_Aim of the task_
What you print should match the entries exactly, only without the pictures.
──────── Available data ────────
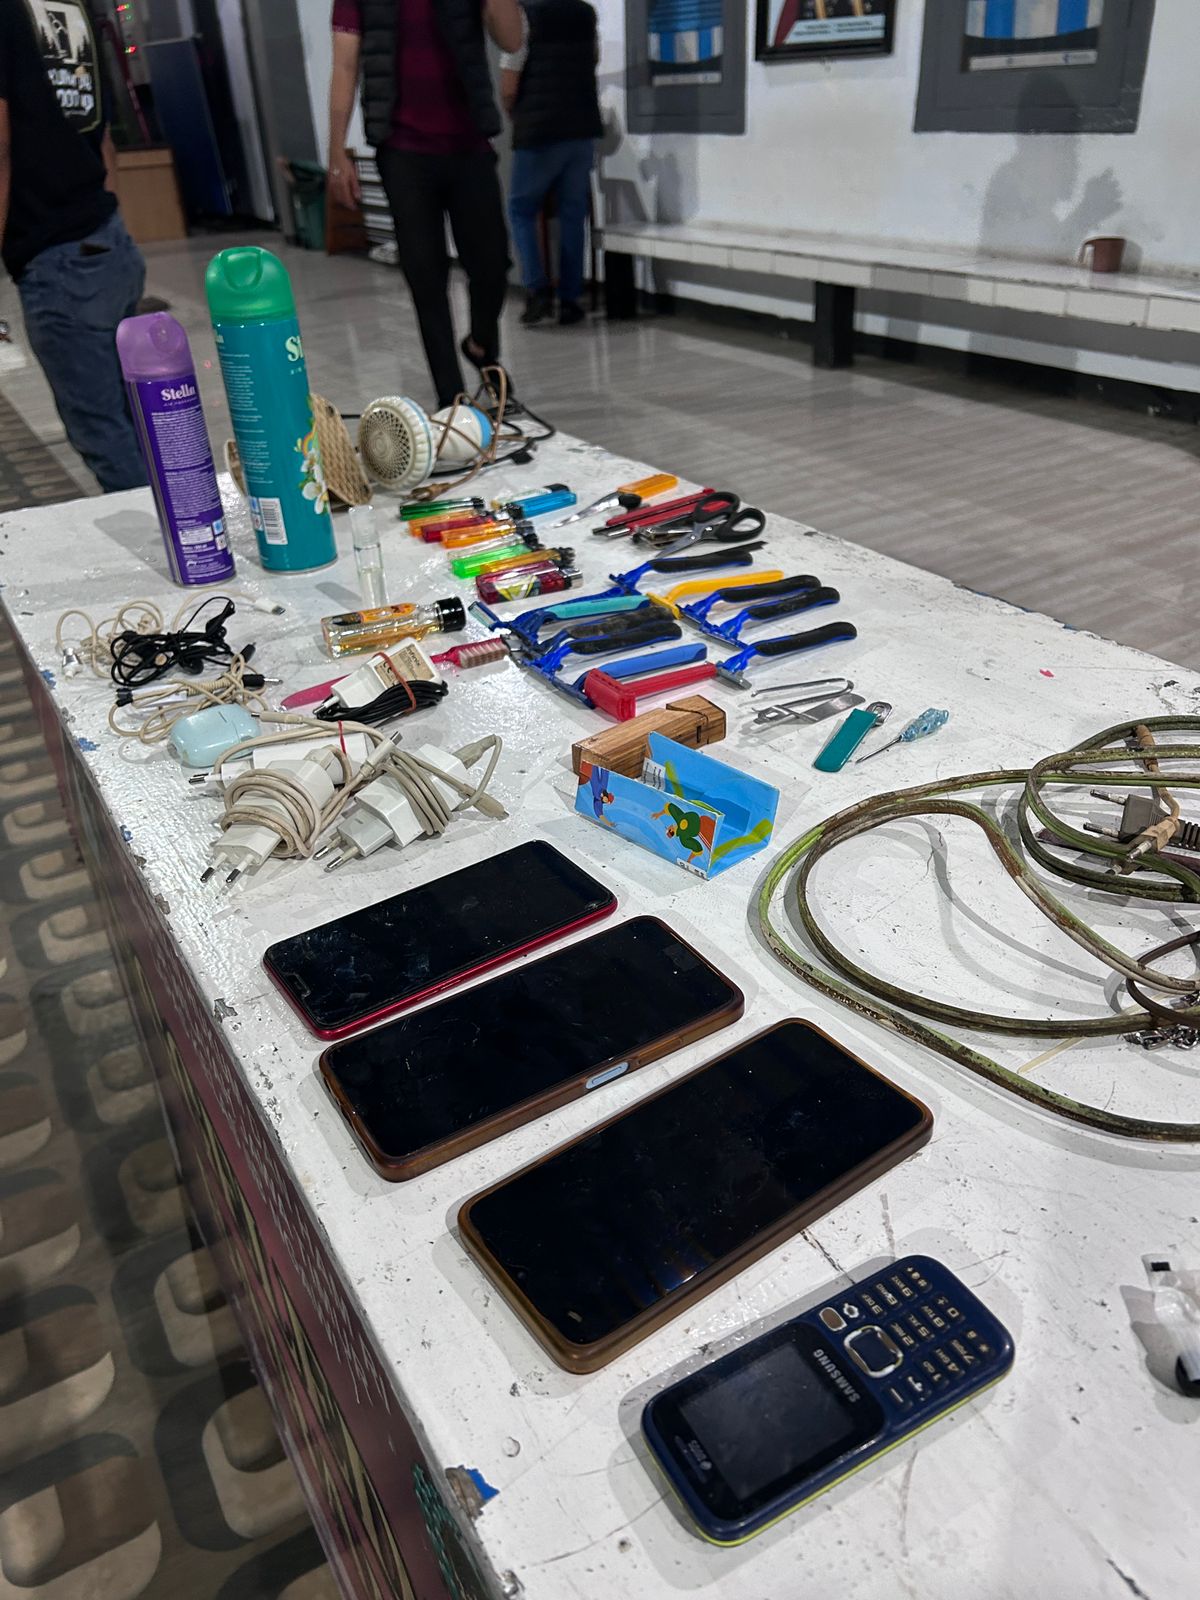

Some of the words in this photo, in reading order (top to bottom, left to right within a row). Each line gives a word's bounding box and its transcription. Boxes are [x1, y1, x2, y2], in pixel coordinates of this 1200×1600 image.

[160, 383, 197, 401] Stella
[901, 1286, 913, 1297] 9
[871, 1304, 883, 1315] 3
[932, 1316, 945, 1328] 8
[917, 1326, 930, 1337] 5
[902, 1335, 915, 1346] 2
[813, 1348, 861, 1403] SAMSUNG
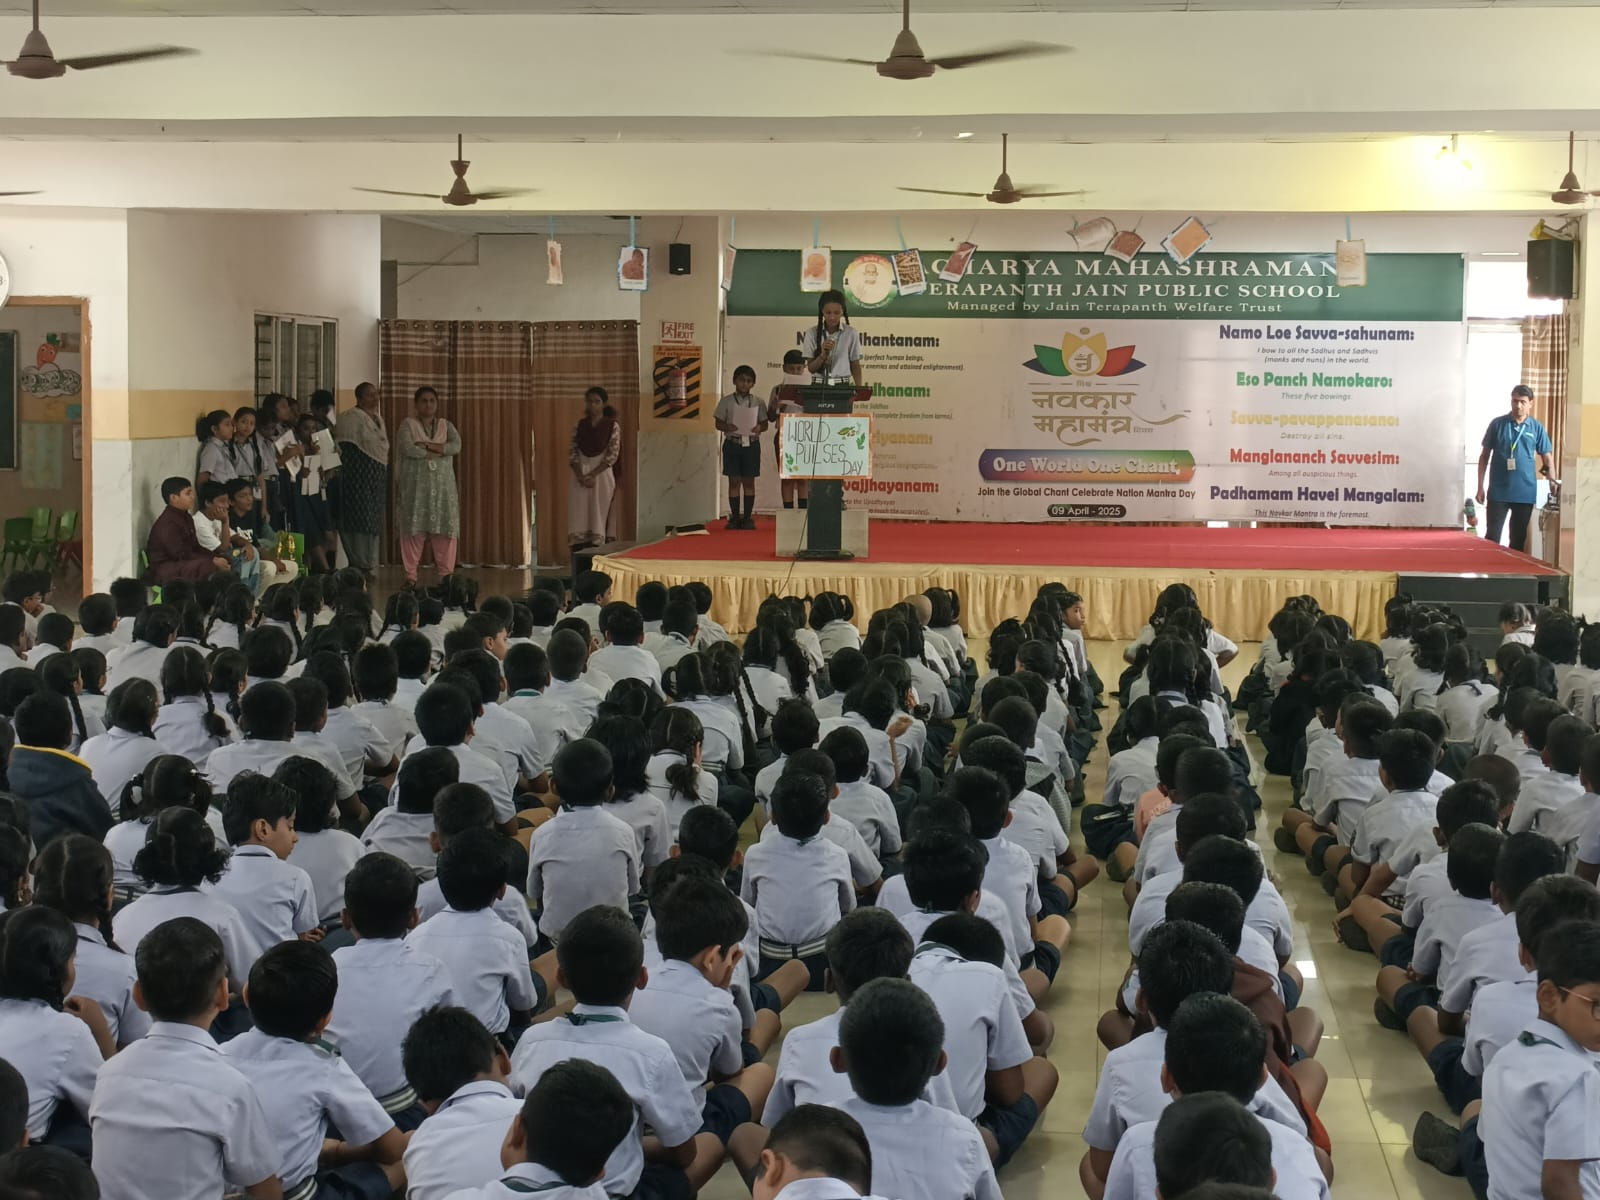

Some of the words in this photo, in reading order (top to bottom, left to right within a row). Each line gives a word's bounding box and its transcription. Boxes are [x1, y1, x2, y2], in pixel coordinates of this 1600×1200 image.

[924, 258, 1062, 276] CARYA
[1074, 259, 1338, 277] MAHASHRAMAN
[929, 283, 1063, 296] ERAPANTH
[1072, 283, 1129, 297] JAIN
[1138, 284, 1229, 297] PUBLIC
[1238, 284, 1340, 298] SCHOOL
[947, 301, 1015, 313] Managed
[1023, 302, 1040, 312] by
[1046, 302, 1080, 311] Jain
[1086, 302, 1168, 313] Terapanth
[1174, 302, 1233, 312] Welfare
[1240, 303, 1283, 312] Trust
[678, 322, 694, 331] FIRE
[678, 331, 694, 339] EXIT
[1219, 324, 1262, 340] Namo
[1266, 325, 1292, 340] Loe
[1295, 325, 1415, 342] Savva-sahunam:
[1236, 371, 1260, 386] Eso
[1264, 371, 1308, 387] Panch
[1312, 372, 1393, 388] Namokaro:
[1031, 391, 1137, 410] नवकार
[788, 420, 831, 443] WORLD
[796, 442, 847, 465] PULSES
[1330, 449, 1400, 465] Savvesim:
[841, 459, 863, 476] DAY
[992, 457, 1026, 473] One
[1030, 457, 1083, 473] World
[1088, 457, 1121, 474] One
[843, 478, 939, 495] vajjhayanam:
[977, 487, 995, 496] Join
[997, 487, 1010, 496] the
[1013, 487, 1041, 496] Global
[1044, 488, 1069, 497] Chant
[1071, 488, 1114, 497] Celebrate
[1116, 488, 1144, 497] Nation
[1146, 488, 1177, 498] Mantra
[1179, 489, 1196, 499] Day
[1210, 486, 1293, 501] Padhamam
[1344, 488, 1425, 504] Mangalam:
[1051, 506, 1065, 516] 09
[1067, 506, 1090, 518] April
[1098, 507, 1121, 516] 2025
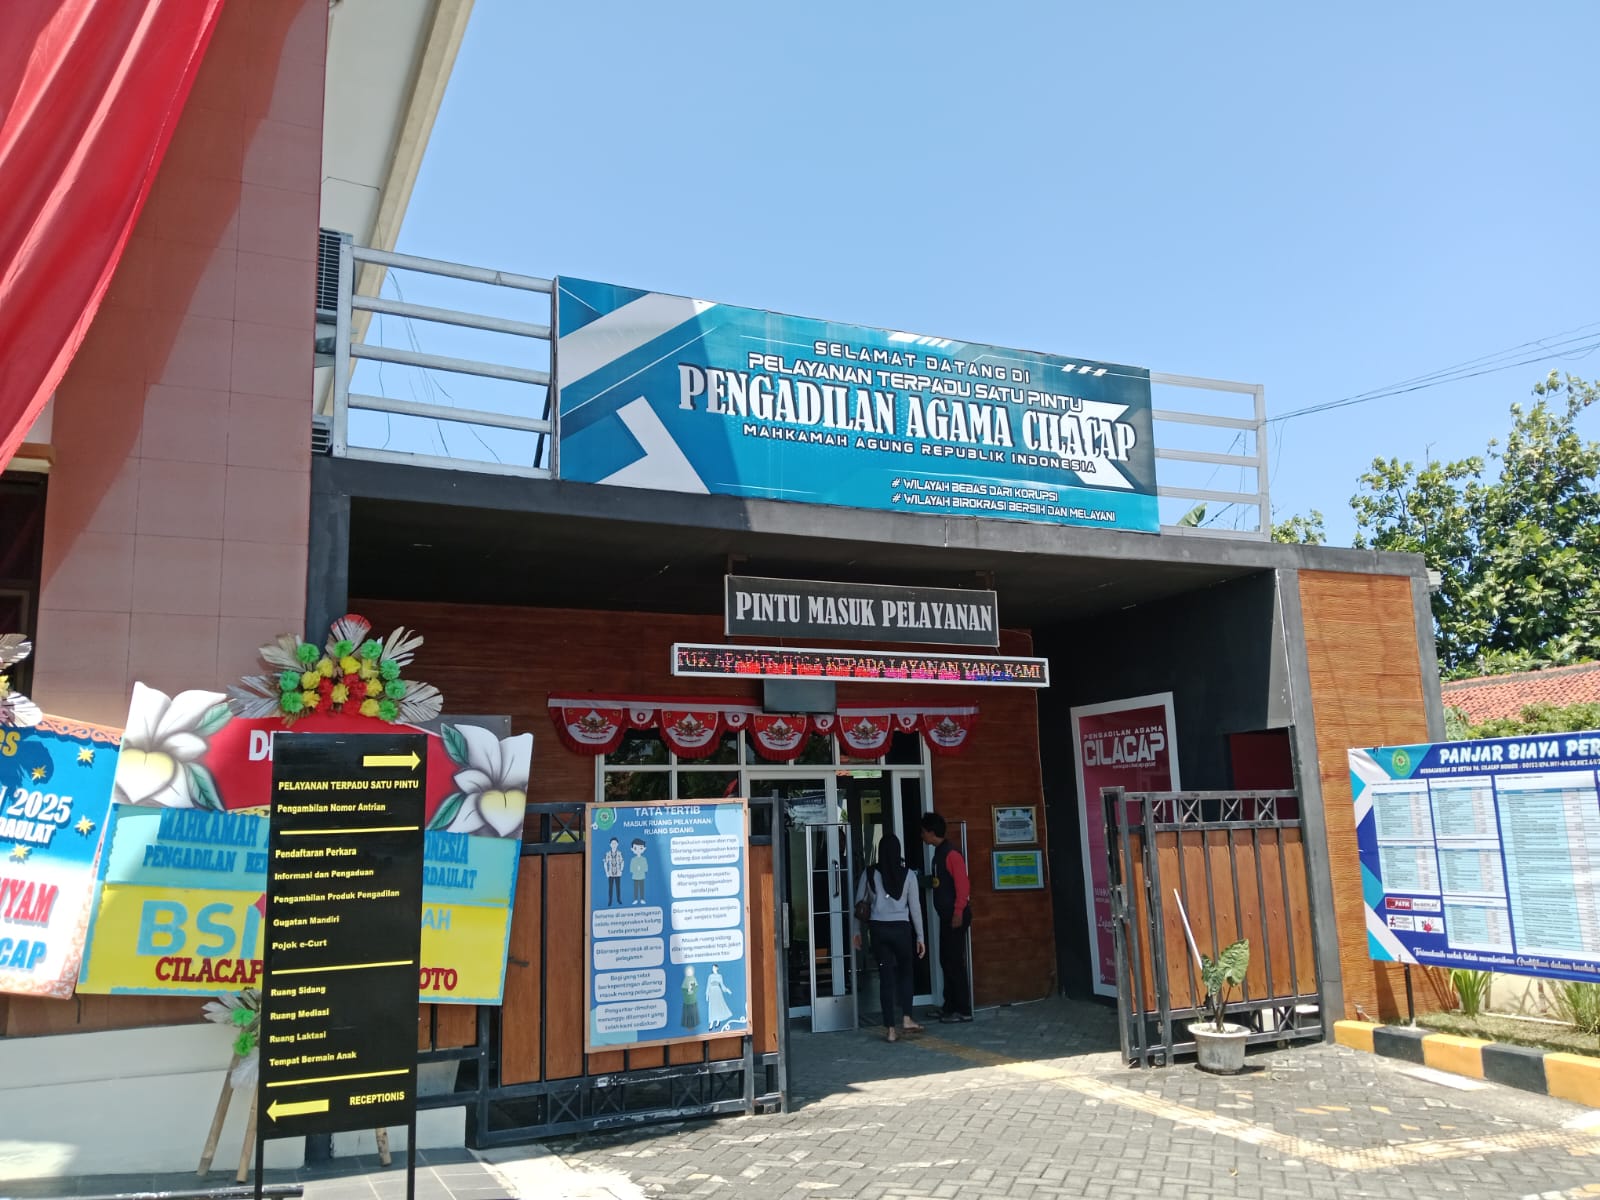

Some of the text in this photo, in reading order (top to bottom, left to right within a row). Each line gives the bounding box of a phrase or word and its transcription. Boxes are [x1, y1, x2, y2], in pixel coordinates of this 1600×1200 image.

[814, 341, 1031, 384] SELAMAT DATANG DI
[748, 352, 1084, 412] PELAYANAN TERPADU SATU PINTU
[677, 362, 1137, 462] PENGADILAN AGAMA CILACAP
[742, 424, 1097, 474] MAHKAMAH AGUNG REPUBLIK INDONESIA
[903, 479, 950, 494] WILAYAH
[951, 482, 987, 497] BEBAS
[988, 486, 1013, 499] DARI
[1014, 489, 1059, 503] KORUPSI
[903, 494, 951, 508] WILAYAH
[952, 497, 1007, 512] BIROKRASI
[1008, 501, 1045, 515] BERSIH
[1046, 504, 1067, 517] DAN
[1069, 508, 1116, 522] MELAYANI
[735, 591, 992, 632] PINTU MASUK PELAYANAN
[961, 661, 1001, 677] YANG
[1004, 663, 1041, 679] KAMI
[1083, 725, 1164, 740] PENGADILAN AGAMA
[1083, 733, 1165, 766] CILACAP
[1439, 744, 1504, 764] PANJAR
[1508, 740, 1560, 760] BIAYA
[278, 780, 419, 791] PELAYANAN TERPADU SATU PINTU
[6, 787, 73, 823] 2025
[277, 802, 386, 815] Pengambilan Nomor Antrian
[634, 806, 701, 817] TATA TERTIB
[157, 808, 260, 847] MAHKAMAH
[623, 820, 647, 828] MASUK
[648, 819, 672, 827] RUANG
[644, 827, 668, 835] RUANG
[143, 845, 236, 873] PENGADILAN
[275, 847, 357, 859] Pendaftaran Perkara
[274, 869, 374, 880] Informasi dan Pengaduan
[273, 890, 400, 904] Pengambilan Produk Pengadilan
[136, 899, 261, 959] BSI
[273, 915, 340, 928] Gugatan Mandiri
[272, 939, 327, 951] Pojok e-Curt
[155, 956, 264, 983] CILACAP
[270, 985, 326, 997] Ruang Sidang
[270, 1008, 330, 1021] Ruang Mediasi
[269, 1031, 327, 1044] Ruang Laktasi
[269, 1051, 357, 1067] Tempat Bermain Anak
[349, 1091, 405, 1106] RECEPTIONIS
────────
_Expected answer_
Some of the words in this photo, in reading order (top to bottom, left to right within a row). Each line gives a word's bounding box and its transcription. Boxes are [x1, y1, x2, y2], in pixel coordinates of this 1200×1600 image.

[160, 383, 197, 401] Stella
[901, 1286, 913, 1297] 9
[871, 1304, 883, 1315] 3
[932, 1316, 945, 1328] 8
[917, 1326, 930, 1337] 5
[902, 1335, 915, 1346] 2
[813, 1348, 861, 1403] SAMSUNG

Some of the words in this photo, in reading order (top to bottom, left to right within a row). Each line gives a word's bounding box and its transcription. Boxes are [x1, y1, x2, y2], in pixel coordinates of this 1600×1200 image.

[924, 258, 1062, 276] CARYA
[1074, 259, 1338, 277] MAHASHRAMAN
[929, 283, 1063, 296] ERAPANTH
[1072, 283, 1129, 297] JAIN
[1138, 284, 1229, 297] PUBLIC
[1238, 284, 1340, 298] SCHOOL
[947, 301, 1015, 313] Managed
[1023, 302, 1040, 312] by
[1046, 302, 1080, 311] Jain
[1086, 302, 1168, 313] Terapanth
[1174, 302, 1233, 312] Welfare
[1240, 303, 1283, 312] Trust
[678, 322, 694, 331] FIRE
[678, 331, 694, 339] EXIT
[1219, 324, 1262, 340] Namo
[1266, 325, 1292, 340] Loe
[1295, 325, 1415, 342] Savva-sahunam:
[1236, 371, 1260, 386] Eso
[1264, 371, 1308, 387] Panch
[1312, 372, 1393, 388] Namokaro:
[1031, 391, 1137, 410] नवकार
[788, 420, 831, 443] WORLD
[796, 442, 847, 465] PULSES
[1330, 449, 1400, 465] Savvesim:
[841, 459, 863, 476] DAY
[992, 457, 1026, 473] One
[1030, 457, 1083, 473] World
[1088, 457, 1121, 474] One
[843, 478, 939, 495] vajjhayanam:
[977, 487, 995, 496] Join
[997, 487, 1010, 496] the
[1013, 487, 1041, 496] Global
[1044, 488, 1069, 497] Chant
[1071, 488, 1114, 497] Celebrate
[1116, 488, 1144, 497] Nation
[1146, 488, 1177, 498] Mantra
[1179, 489, 1196, 499] Day
[1210, 486, 1293, 501] Padhamam
[1344, 488, 1425, 504] Mangalam:
[1051, 506, 1065, 516] 09
[1067, 506, 1090, 518] April
[1098, 507, 1121, 516] 2025

Some of the text in this photo, in reading order (top to bottom, left to right within a row). Each line gives the bounding box of a phrase or word and its transcription. Boxes are [x1, y1, x2, y2], in pixel coordinates of this 1600×1200 image.

[814, 341, 1031, 384] SELAMAT DATANG DI
[748, 352, 1084, 412] PELAYANAN TERPADU SATU PINTU
[677, 362, 1137, 462] PENGADILAN AGAMA CILACAP
[742, 424, 1097, 474] MAHKAMAH AGUNG REPUBLIK INDONESIA
[903, 479, 950, 494] WILAYAH
[951, 482, 987, 497] BEBAS
[988, 486, 1013, 499] DARI
[1014, 489, 1059, 503] KORUPSI
[903, 494, 951, 508] WILAYAH
[952, 497, 1007, 512] BIROKRASI
[1008, 501, 1045, 515] BERSIH
[1046, 504, 1067, 517] DAN
[1069, 508, 1116, 522] MELAYANI
[735, 591, 992, 632] PINTU MASUK PELAYANAN
[961, 661, 1001, 677] YANG
[1004, 663, 1041, 679] KAMI
[1083, 725, 1164, 740] PENGADILAN AGAMA
[1083, 733, 1165, 766] CILACAP
[1439, 744, 1504, 764] PANJAR
[1508, 740, 1560, 760] BIAYA
[278, 780, 419, 791] PELAYANAN TERPADU SATU PINTU
[6, 787, 73, 823] 2025
[277, 802, 386, 815] Pengambilan Nomor Antrian
[634, 806, 701, 817] TATA TERTIB
[157, 808, 260, 847] MAHKAMAH
[623, 820, 647, 828] MASUK
[648, 819, 672, 827] RUANG
[644, 827, 668, 835] RUANG
[143, 845, 236, 873] PENGADILAN
[275, 847, 357, 859] Pendaftaran Perkara
[274, 869, 374, 880] Informasi dan Pengaduan
[273, 890, 400, 904] Pengambilan Produk Pengadilan
[136, 899, 261, 959] BSI
[273, 915, 340, 928] Gugatan Mandiri
[272, 939, 327, 951] Pojok e-Curt
[155, 956, 264, 983] CILACAP
[270, 985, 326, 997] Ruang Sidang
[270, 1008, 330, 1021] Ruang Mediasi
[269, 1031, 327, 1044] Ruang Laktasi
[269, 1051, 357, 1067] Tempat Bermain Anak
[349, 1091, 405, 1106] RECEPTIONIS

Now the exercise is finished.